Word for word, restate the records that follow.

Data extract section start

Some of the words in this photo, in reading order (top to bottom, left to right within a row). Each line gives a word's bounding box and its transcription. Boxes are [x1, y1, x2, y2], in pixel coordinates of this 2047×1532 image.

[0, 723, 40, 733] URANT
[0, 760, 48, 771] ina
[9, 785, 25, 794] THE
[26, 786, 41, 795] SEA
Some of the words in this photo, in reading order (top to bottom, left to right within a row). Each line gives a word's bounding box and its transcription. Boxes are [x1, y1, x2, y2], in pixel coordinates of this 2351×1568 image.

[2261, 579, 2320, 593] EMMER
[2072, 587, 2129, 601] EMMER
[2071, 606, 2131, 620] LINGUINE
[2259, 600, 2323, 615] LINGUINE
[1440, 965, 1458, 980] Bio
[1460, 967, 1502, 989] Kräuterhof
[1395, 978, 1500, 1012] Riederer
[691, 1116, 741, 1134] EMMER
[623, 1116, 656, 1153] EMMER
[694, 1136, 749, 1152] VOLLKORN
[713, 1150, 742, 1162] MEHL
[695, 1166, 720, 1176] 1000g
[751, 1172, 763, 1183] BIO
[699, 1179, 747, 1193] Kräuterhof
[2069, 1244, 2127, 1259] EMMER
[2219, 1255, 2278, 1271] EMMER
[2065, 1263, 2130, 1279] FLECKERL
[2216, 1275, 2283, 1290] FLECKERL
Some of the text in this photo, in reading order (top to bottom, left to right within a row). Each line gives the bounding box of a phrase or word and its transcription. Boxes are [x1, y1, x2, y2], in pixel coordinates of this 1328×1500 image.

Data extract section end

Solved problem:
Some of the words in this photo, in reading order (top to bottom, left to right within a row). Each line gives a word's bounding box and its transcription. Boxes are [x1, y1, x2, y2], in pixel coordinates of this 2047×1532 image.

[0, 723, 40, 733] URANT
[0, 760, 48, 771] ina
[9, 785, 25, 794] THE
[26, 786, 41, 795] SEA
Some of the words in this photo, in reading order (top to bottom, left to right within a row). Each line gives a word's bounding box and its transcription. Boxes are [x1, y1, x2, y2], in pixel coordinates of this 2351×1568 image.

[2261, 579, 2320, 593] EMMER
[2072, 587, 2129, 601] EMMER
[2071, 606, 2131, 620] LINGUINE
[2259, 600, 2323, 615] LINGUINE
[1440, 965, 1458, 980] Bio
[1460, 967, 1502, 989] Kräuterhof
[1395, 978, 1500, 1012] Riederer
[691, 1116, 741, 1134] EMMER
[623, 1116, 656, 1153] EMMER
[694, 1136, 749, 1152] VOLLKORN
[713, 1150, 742, 1162] MEHL
[695, 1166, 720, 1176] 1000g
[751, 1172, 763, 1183] BIO
[699, 1179, 747, 1193] Kräuterhof
[2069, 1244, 2127, 1259] EMMER
[2219, 1255, 2278, 1271] EMMER
[2065, 1263, 2130, 1279] FLECKERL
[2216, 1275, 2283, 1290] FLECKERL
Some of the text in this photo, in reading order (top to bottom, left to right within a row). Each line gives the bounding box of a phrase or word and its transcription. Boxes are [x1, y1, x2, y2], in pixel coordinates of this 1328×1500 image.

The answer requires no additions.